Ancient commentaries have also debated that "seeing" someone's nakedness meant to have sex with that person (e.g. Leviticus 20:17). The same idea was raised by 3rd-century rabbis, in the Babylonian Talmud (c. 500 AD), who argue that Ham either castrated his father, or sodomised him. The same explanations are found in three Greek translations of the Bible, which replace the word "see" in verse 22 with another word denoting homosexual relations. The castration theory has its modern counterpart in suggested parallels found in the castration of Uranus by Cronus and a Hittite myth of the supreme god Anu whose genitals were "bitten off by his rebel son and cup-bearer Kumarbi, who afterwards rejoiced and laughed ... until Anu cursed him".

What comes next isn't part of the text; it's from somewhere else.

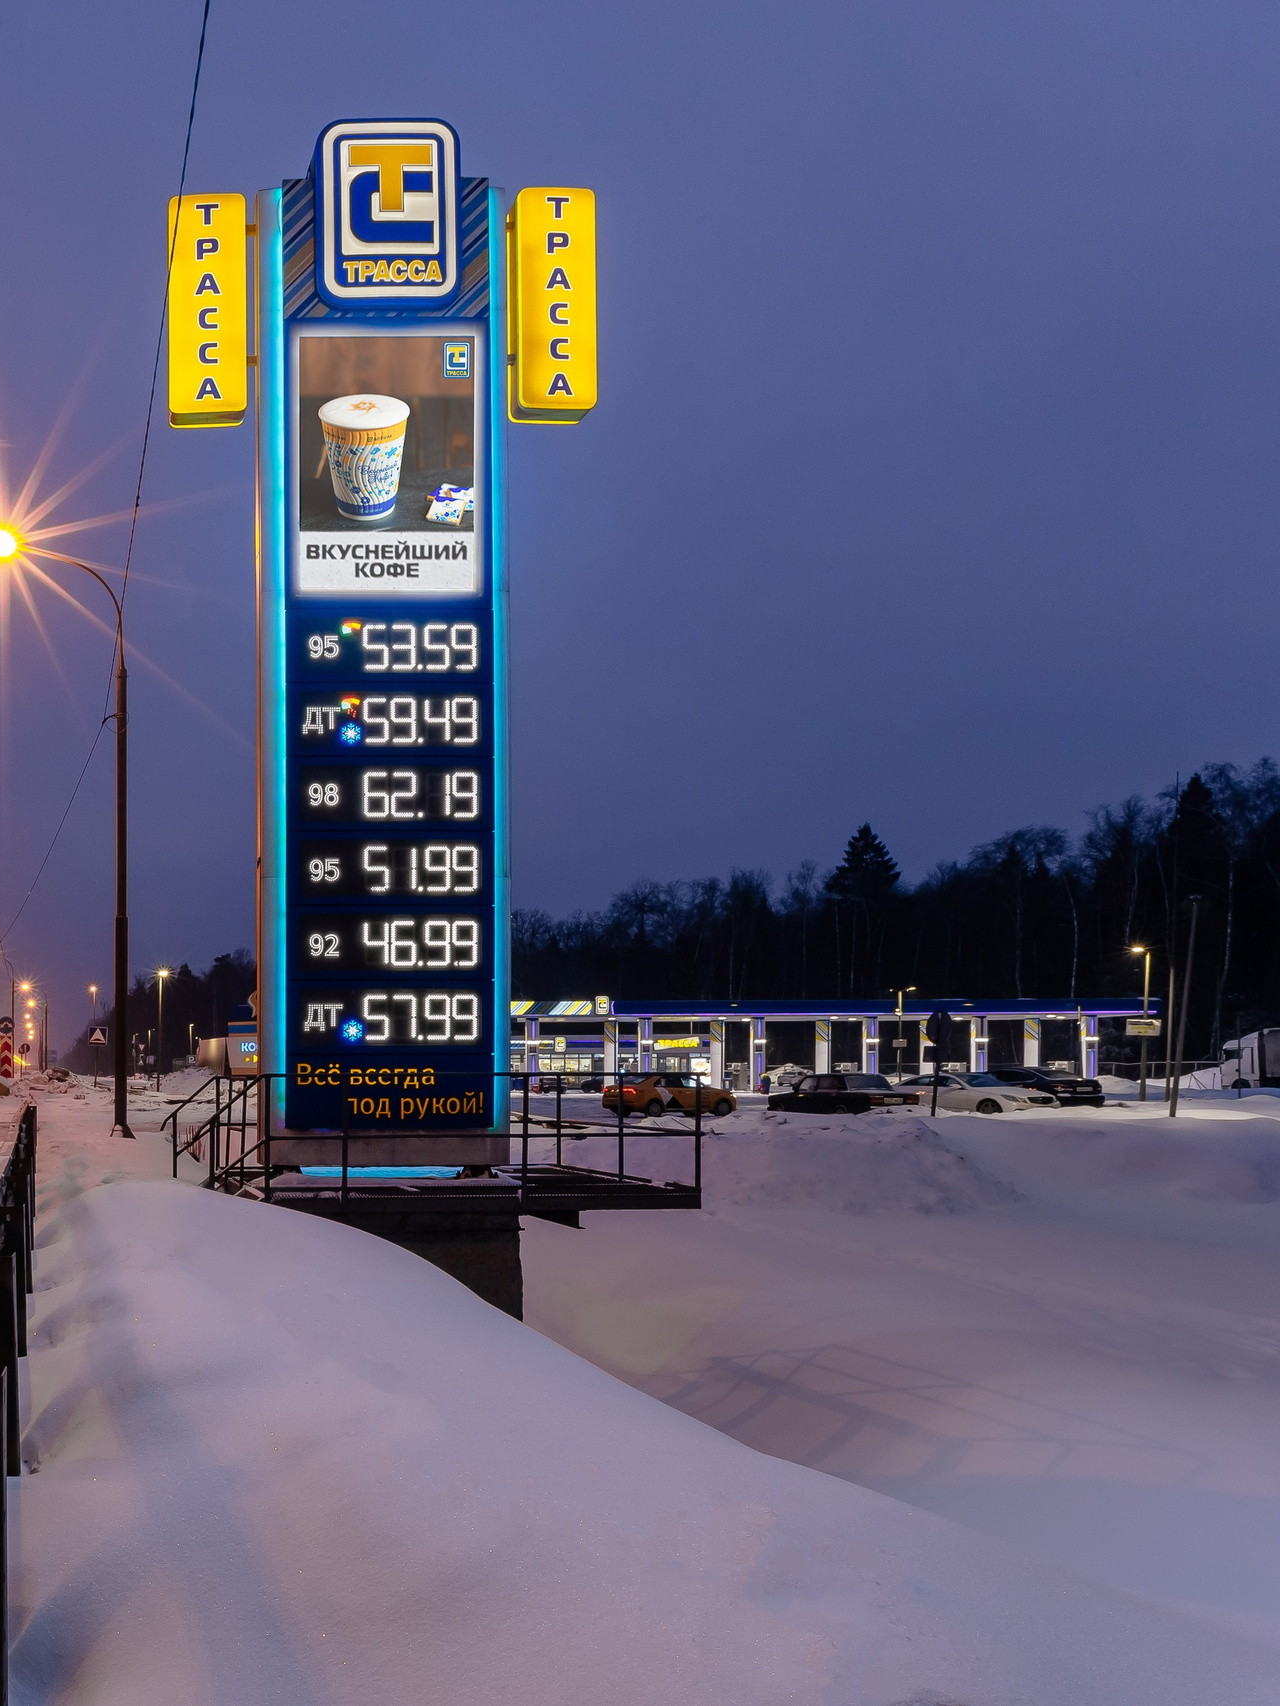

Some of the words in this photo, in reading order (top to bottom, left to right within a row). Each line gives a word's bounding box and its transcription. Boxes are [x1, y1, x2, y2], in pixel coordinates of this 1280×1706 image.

Modern scholars have suggested that to "uncover the nakedness" of a man means to have sex with that man's wife (e.g. Leviticus 20:11). If Ham had sex with his mother, and Canaan was the product of this forbidden union, it could explain why the curse falls on his son; the weakness, however, is that Genesis 9:21 has Ham "seeing" his father's nakedness, not "uncovering" it.
Book of Jubilees
In the Book of Jubilees, the seriousness of Ham's curse is compounded by the cultic significance of God's covenant to "never again bring a flood on the earth". In response to this covenant, Noah builds a sacrificial altar "to atone for the land".[Jub. 6:1–3] Noah’s practice and ceremonial functions parallel the festival of Shavuot as if it were a prototype to the celebration of the giving of the Torah. His "priestly" functions also emulate being "first priest" in accordance with halakhah as taught in the Qumranic works. By turning the drinking of the wine into a religious ceremony, Jubilees alleviates any misgivings that may be provoked by the episode of Noah’s drunkenness. Thus, Ham’s offense would constitute an act of disrespect not only to his father, but also to the festival ordinances.

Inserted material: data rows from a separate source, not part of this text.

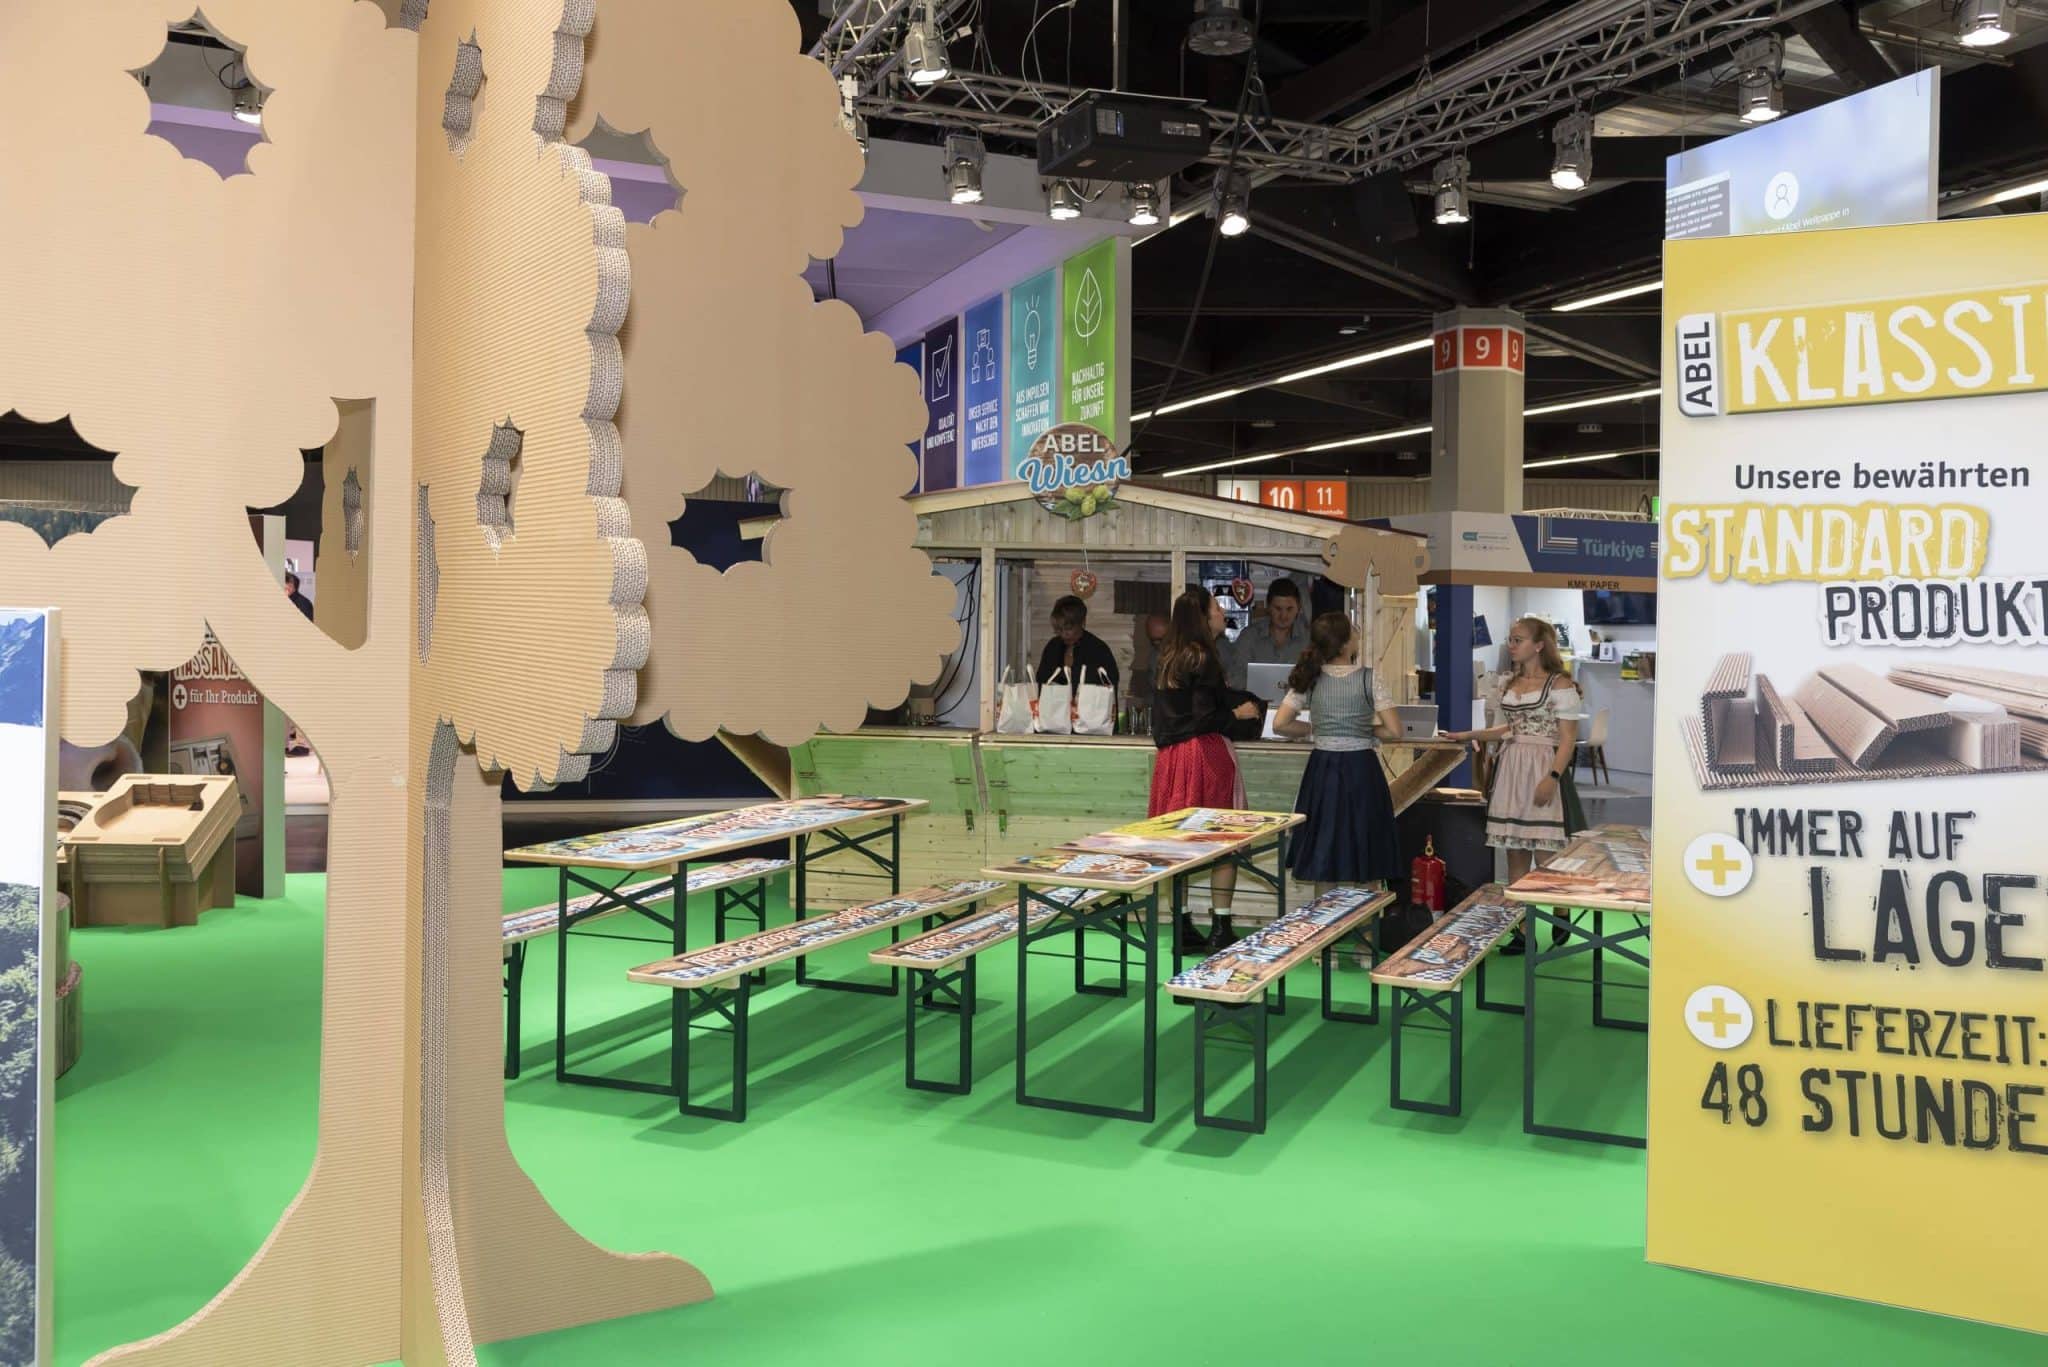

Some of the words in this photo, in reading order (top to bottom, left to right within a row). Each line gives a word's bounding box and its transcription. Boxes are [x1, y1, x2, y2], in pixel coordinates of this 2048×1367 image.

[1442, 339, 1451, 365] 9
[1476, 336, 1490, 360] 9
[1511, 339, 1519, 362] 9
[1737, 293, 2048, 405] KLASSI
[1071, 361, 1104, 386] NACHHALTIG
[1683, 320, 1713, 408] ABEL
[1016, 389, 1025, 405] AUS
[1025, 381, 1049, 401] IMPULSEN
[1071, 386, 1082, 405] FÜR
[1083, 380, 1104, 401] UNSERE
[1015, 402, 1039, 422] SCHAFFEN
[1080, 399, 1104, 421] ZUKUNFT
[1042, 433, 1105, 453] ABEL
[1018, 456, 1130, 493] Wiesn
[1734, 464, 1841, 490] Unsere
[1853, 461, 2030, 489] bewährten
[1269, 486, 1294, 510] 10
[1316, 487, 1333, 505] 11
[1582, 538, 1645, 562] Türkiye
[1670, 508, 1979, 577] STANDARD
[1567, 580, 1587, 589] KMK
[1589, 580, 1620, 590] PAPER
[190, 688, 204, 703] für
[206, 689, 219, 703] Ihr
[221, 689, 258, 705] Produkt
[1734, 808, 1863, 857] IMMER
[1888, 811, 1976, 860] AUF
[1767, 999, 2047, 1067] LIEFERZEIT:
[1701, 1061, 1768, 1127] 48

The medieval commentary of Rashi (Rabbi Shlomo Yitzchaki 1040-1105), who cites older sources from Judaism's Oral Torah, which is relied upon by traditional Judaic scholarship as the most basic commentary to the present time, provides an introductory explanation. (Genesis 9:22-27):
- Genesis 9:22: and Ham, the father of Canaan, saw: "There are those among our rabbis who say that Canaan saw and told his father [Ham] and this is why Canaan was mentioned with regard to the matter and was cursed." (Tanhuma 15; Genesis Rabbah 36:7). And [Ham] saw his father's nakedness.: "There are those of our rabbis who say he emasculated (סרסו castrated) him, and there are those who say he had (homosexual רבעו) relations with him." Sanhedrin 70a. [The opinion that holds Ham had homosexual relations with him agrees that Ham also emasculated Noah.]
- Genesis 9:23: And Shem and Japheth...covered their father's nakedness, their faces were turned backward...: "...as for Ham who disgraced his father it is said of his offspring 'Thus will the king of Assyria lead the captives of Egypt and the exiles of Cush and the exiles of Ethiopia, young and old, naked and barefoot, and with buttocks uncovered, to the shame of Egypt." (Isaiah 20:4). (Tanhuma 15; Genesis Rabbah 36:6).

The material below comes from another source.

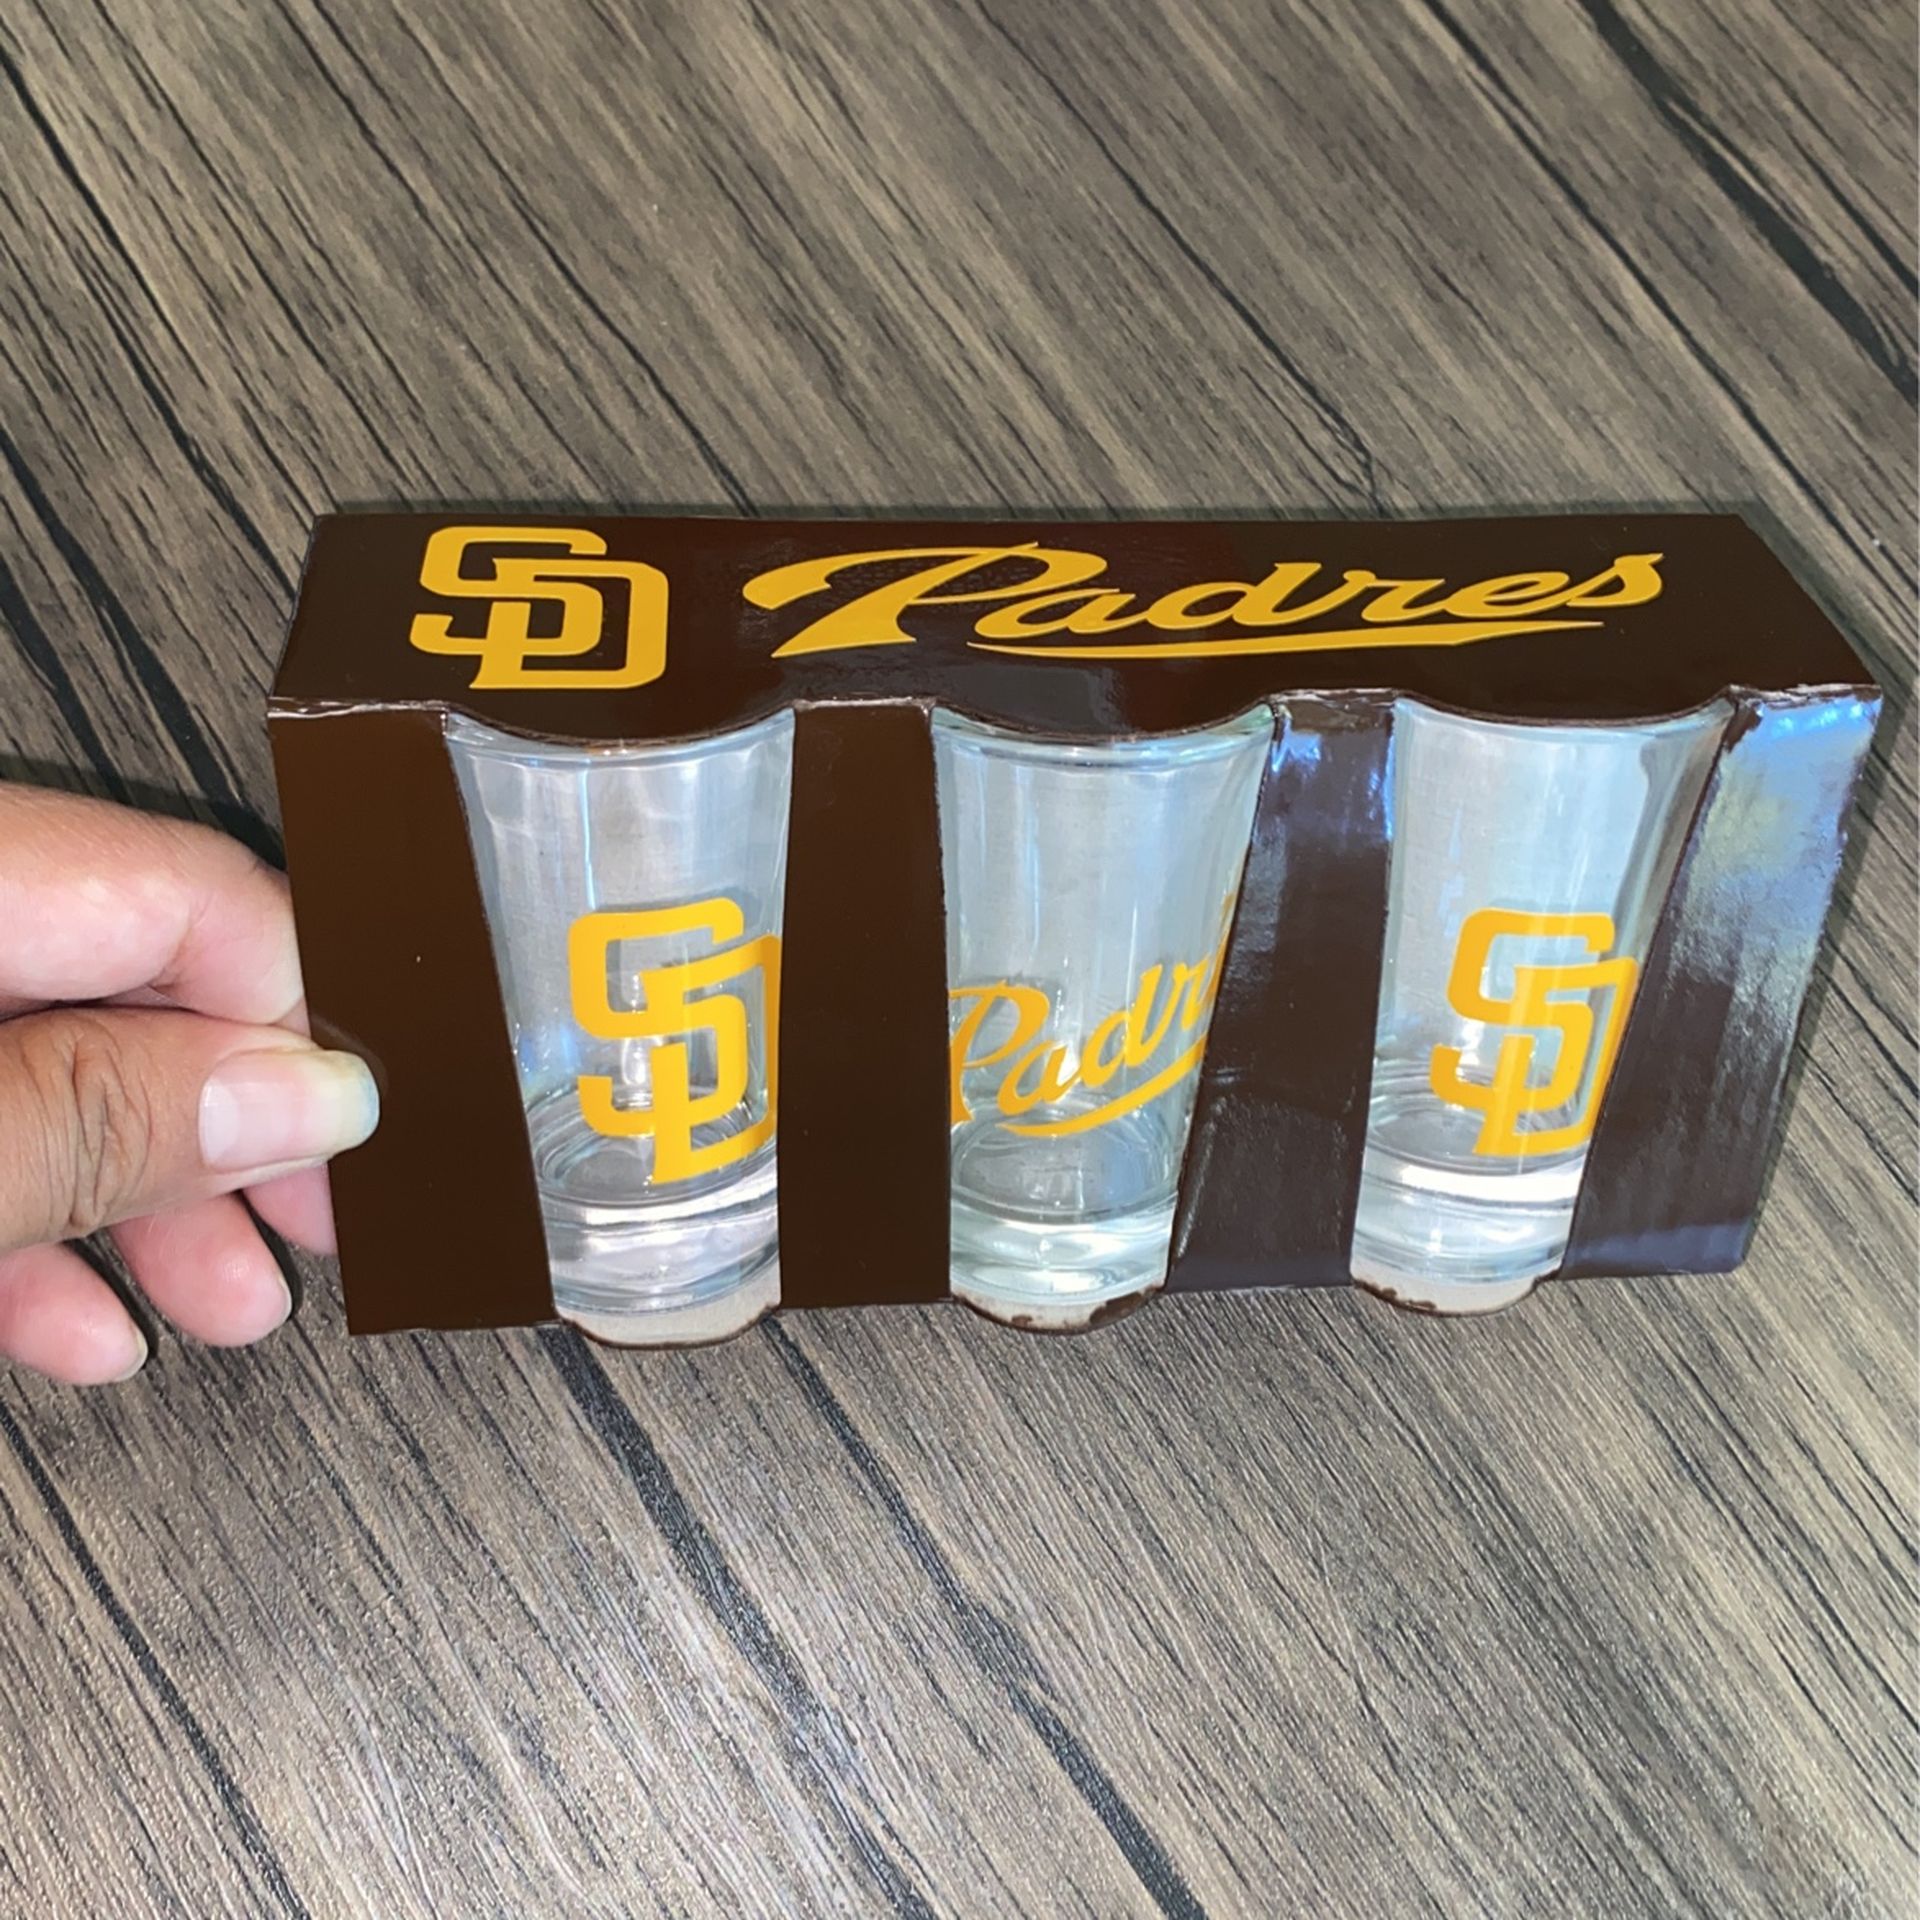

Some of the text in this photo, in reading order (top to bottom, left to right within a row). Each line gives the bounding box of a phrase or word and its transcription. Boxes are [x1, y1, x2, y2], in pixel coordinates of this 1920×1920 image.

- Genesis 9:24: his small (הקטן) son:" הפסול The 'defective' one (Genesis Rabbah 36:6) והבזוי and the 'disgraceful' one. ['small' does not mean 'the youngest' since Ham was older than Shem] similar to 'Behold, I have made you the smallest (קטן) among the nations.'" (Jeremiah 49:15, Obadiah 1:2).
- Genesis 9:25: Cursed (ארור) is Canaan: Noah said to Ham: "You caused me that I should not father a fourth son, another one to serve me. May your fourth son [Canaan was Ham's fourth son, see Genesis 10:6] be cursed by serving the offspring of these greater ones [of Shem and Japheth]... What did Ham see that he emasculated him? He said to his brothers Adam the first man had only two sons (Cain and Abel) yet one killed the other because of the inheritance of the world [Cain killed Abel over a dispute how to divide the world between them according to Genesis Rabbah 22:7] and our father has three sons yet he seeks still a fourth son."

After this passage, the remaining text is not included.